Personal information
- Full name: Michael John Robinson
- Date of birth: 12 July 1958
- Place of birth: Leicester, England
- Date of death: 28 April 2020 (aged 61)
- Place of death: Madrid, Spain
- Height: 6 ft 0 in (1.82 m)
- Position: Striker

Youth career
- Coventry City

Senior career*
- Years: Team / Apps / (Gls)
- 1975–1979: Preston North End / 48 / (15)
- 1979–1980: Manchester City / 30 / (8)
- 1980–1983: Brighton & Hove Albion / 113 / (37)
- 1983–1984: Liverpool / 30 / (6)
- 1984–1986: Queens Park Rangers / 48 / (5)
- 1987–1989: Osasuna / 58 / (12)
- Total:  / 327 / (83)

International career
- 1980–1986: Republic of Ireland / 24 / (4)

= Michael Robinson (footballer) =

English-Irish footballer (1958–2020)

Michael John Robinson (12 July 1958 – 28 April 2020) was a professional footballer who played as a striker.

He appeared in more than 300 official matches in England for Preston North End, Manchester City, Brighton & Hove Albion, Liverpool and Queens Park Rangers and played the last three seasons of his career in Spain with Osasuna. He represented the Republic of Ireland at international level.

Robinson settled in Spain after retiring in 1989 and went on to work as a television pundit in the following decades, hosting El día después from 1991 to 2005.

==Playing career==
Robinson was born in Leicester, England. When he was young, his parents moved to Blackpool to run a boarding house, and he started his career with Preston North End in the second division. He then moved in August 1979 to Malcolm Allison's Manchester City, the fee of £750,000 being widely regarded as extravagant for a young player with no First Division experience; he was sold at a loss later that season to Brighton & Hove Albion, and rebuilt his reputation as both a strong and skilful attacking player.
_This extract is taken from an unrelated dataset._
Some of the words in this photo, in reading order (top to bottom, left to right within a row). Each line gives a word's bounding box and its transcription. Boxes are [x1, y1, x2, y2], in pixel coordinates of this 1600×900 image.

Robinson made an impact in the 1982–83 FA Cup final, feeding the ball to Gordon Smith for his infamous miss in the first game with Manchester United, performing outstandingly in a 2–2 draw but eventually losing in the second match at Wembley (4–0). It was enough, however, for clubs to bid for him and he was keen to leave due to Brighton's relegation.

Liverpool came in for Robinson and paid Brighton £250,000 for him and he duly battled with established Kenny Dalglish and Ian Rush for a place up front. In that first season his new team won three trophies – the league, the league cup (where he was a substitute in the final 0–0 draw against Everton, and did not feature in the replay) and the European Cup (being used as a replacement in the final against AS Roma)– and he played enough games to earn a title medal.
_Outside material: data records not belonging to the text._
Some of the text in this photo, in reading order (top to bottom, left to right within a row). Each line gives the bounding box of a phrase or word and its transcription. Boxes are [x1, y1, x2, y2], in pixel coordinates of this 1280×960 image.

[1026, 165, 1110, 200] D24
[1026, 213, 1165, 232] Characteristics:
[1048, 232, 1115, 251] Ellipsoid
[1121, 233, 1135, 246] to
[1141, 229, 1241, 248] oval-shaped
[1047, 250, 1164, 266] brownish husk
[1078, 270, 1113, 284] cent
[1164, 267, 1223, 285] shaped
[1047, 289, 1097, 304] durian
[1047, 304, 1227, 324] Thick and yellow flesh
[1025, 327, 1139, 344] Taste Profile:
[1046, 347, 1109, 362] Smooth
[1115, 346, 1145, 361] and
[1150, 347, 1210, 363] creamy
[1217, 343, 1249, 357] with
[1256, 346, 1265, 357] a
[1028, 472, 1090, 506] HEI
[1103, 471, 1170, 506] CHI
Despite showing some ability, Robinson was often on the substitutes' bench, and so moved on to Queens Park Rangers at the end of 1984. There, he was an unlucky loser at Wembley again, in the 1986 Football League Cup final 3–0 defeat by Oxford United; however, during the run to the decisive match, he earned himself a place in QPR fans' hearts when he scored a 40-yard goal against arch-rivals Chelsea in the quarter-final replay at Stamford Bridge.

Robinson moved to Spain to play for CA Osasuna in January 1987, with ex-Liverpool teammate Sammy Lee joining in August. He recalled that he assumed that Osasuna was the name of the club's location and proceeded to look for it in a map. Questioned about why would he choose such a destination, he remarked that "financially it was the worst offer [available]. But it was romantic". He retired in summer 1989 at the age of 31 after making 58 La Liga appearances and scoring 12 goals, two of which came in 1987–88 campaign as the Navarrese overachieved for a final fifth place.
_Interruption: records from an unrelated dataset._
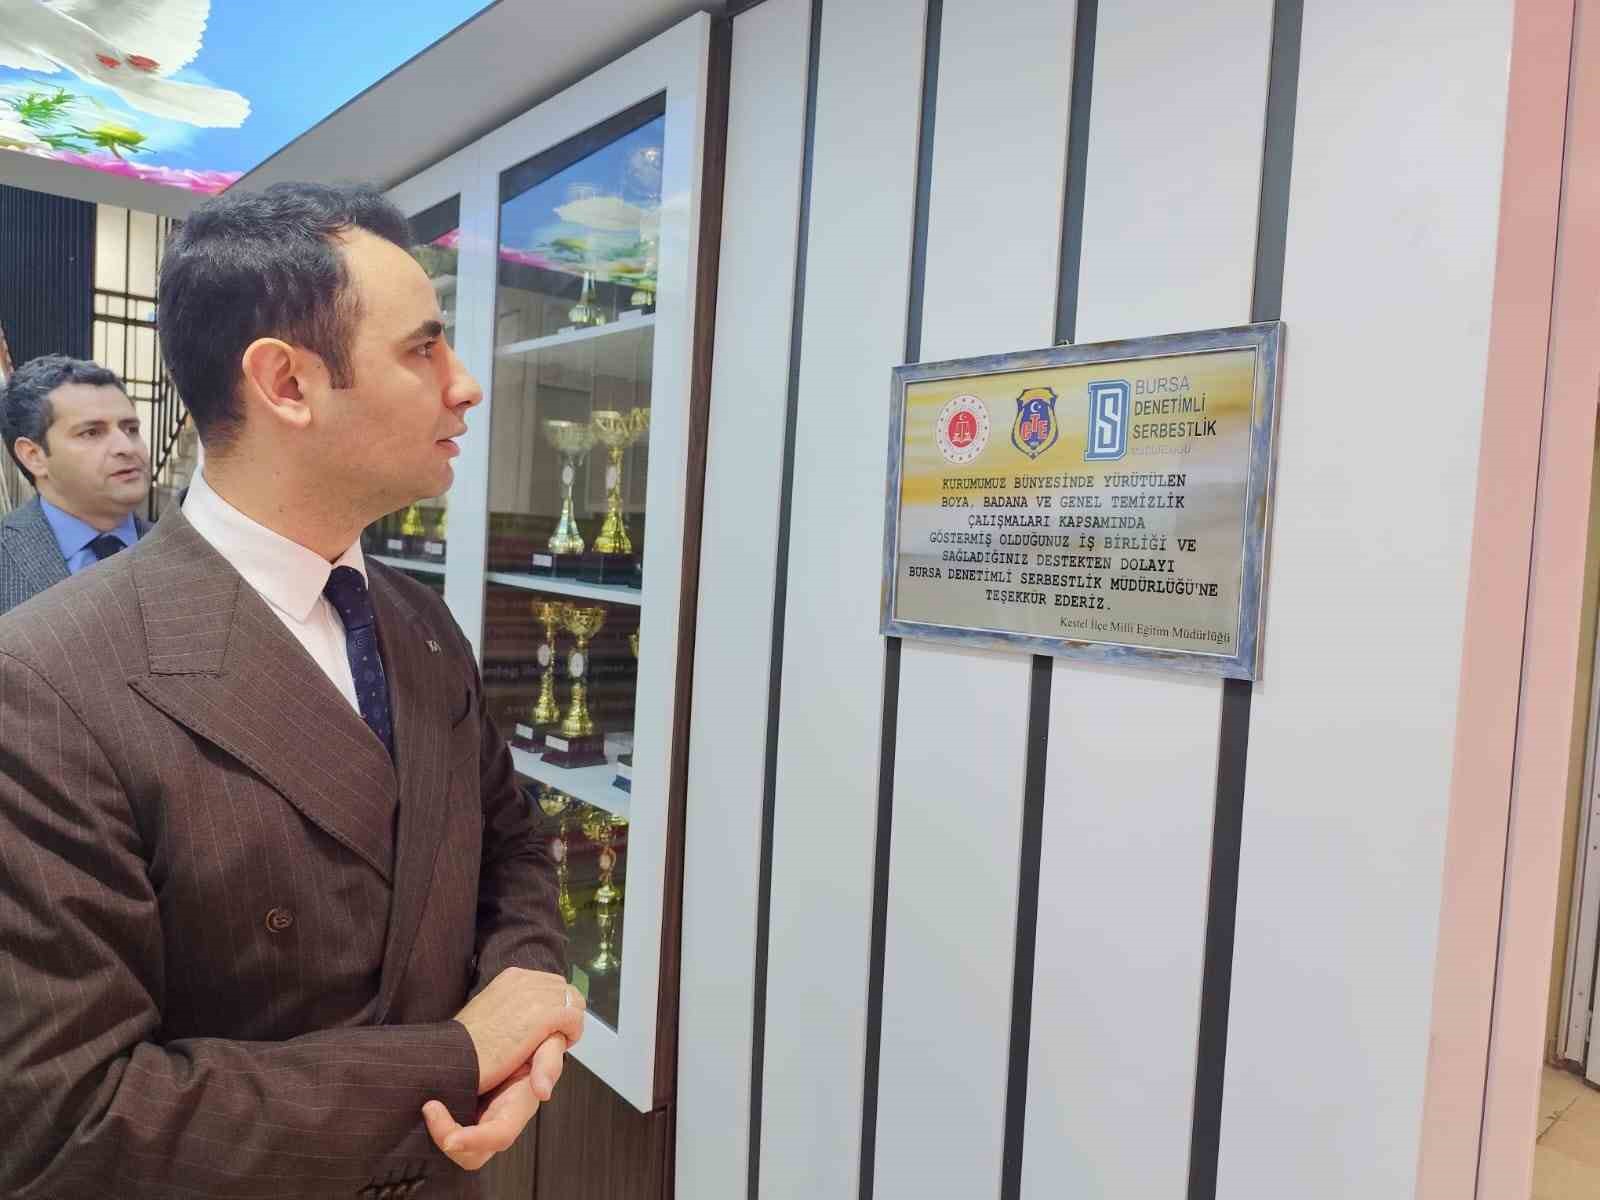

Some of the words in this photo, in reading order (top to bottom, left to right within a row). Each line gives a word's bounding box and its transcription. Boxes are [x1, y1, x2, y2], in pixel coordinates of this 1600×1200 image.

[1135, 376, 1190, 395] BURSA
[1134, 393, 1206, 416] DENETİMLİ
[1132, 418, 1217, 439] SERBESTLİK
[942, 478, 1007, 490] KURUMUMUZ
[1014, 472, 1095, 489] BÜNYESİNDE
[1104, 472, 1187, 488] YÜRÜTÜLEN
[984, 496, 1028, 508] BADANA
[1036, 496, 1052, 508] VE
[1060, 495, 1102, 509] GENEL
[1111, 491, 1185, 509] TEMİZLİK
[968, 514, 1050, 529] ÇALIŞMALARI
[1059, 515, 1146, 529] KAPSAMINDA
[929, 528, 992, 548] GÖSTERMİŞ
[1000, 532, 1070, 547] OLDUĞUNUZ
[1079, 532, 1096, 552] İŞ
[1104, 534, 1168, 551] BİRLİĞİ
[1178, 538, 1197, 551] VE
[942, 549, 1029, 566] SAĞLADIĞINIZ
[1037, 555, 1112, 569] DESTEKTEN
[1121, 558, 1175, 573] DOLAYI
[909, 566, 942, 579] BURSA
[948, 568, 1013, 584] DENETİMLİ
[1020, 572, 1103, 589] SERBESTLİK
[1110, 575, 1218, 597] MÜDÜRLÜĞÜ'NE
[986, 589, 1047, 605] TEŞEKKÜR
[1055, 593, 1112, 611] EDERİZ.
[1060, 616, 1089, 630] Kestel
[1137, 623, 1169, 639] Eğitim
Robinson, who won 24 caps for the Republic of Ireland, making his debut on 28 October 1980 in a 2–0 loss in France for the 1982 FIFA World Cup qualifiers, stayed in Spain after retiring, having settled very well in the country and learned the language to fluency, a trait that was later picked up on by Steve McManaman (with Real Madrid from 1999 to 2003), who regarded Robinson as his mentor.

Michael Robinson: International goals
| No. | Date | Venue | Opponent | Score | Result | Competition |
|---|---|---|---|---|---|---|
| 1 | 19 November 1980 | Lansdowne Road, Dublin, Republic of Ireland | Cyprus | 3–0 | 6–0 | 1982 World Cup qualification |
| 2 | 9 September 1981 | De Kuip, Rotterdam, Netherlands | Netherlands | 1–1 | 2–2 | 1982 World Cup qualification |
| 3 | 14 October 1981 | Lansdowne Road, Dublin, Republic of Ireland | France | 3–1 | 3–2 | 1982 World Cup qualification |
| 4 | 21 September 1983 | Laugardalsvöllur, Reykjavík, Iceland | Iceland | 2–0 | 3–0 | Euro 1984 qualifying |

==Media career==
After retiring, Robinson began his broadcasting career in Spain as a commentator for RTVE, covering the 1990 FIFA World Cup in Italy. He later worked as a commentator and presenter on Cadena SER's El Larguero and then on the subscription channel Canal+, where he hosted the cult television show El día después for 14 years (1991–2005). Following the show's demise he continued working with the network, as co-commentator on their live coverage of the Sunday night match as well as on the studio show El día del fútbol, and later by presenting a monthly sports magazine series called Informe Robinson.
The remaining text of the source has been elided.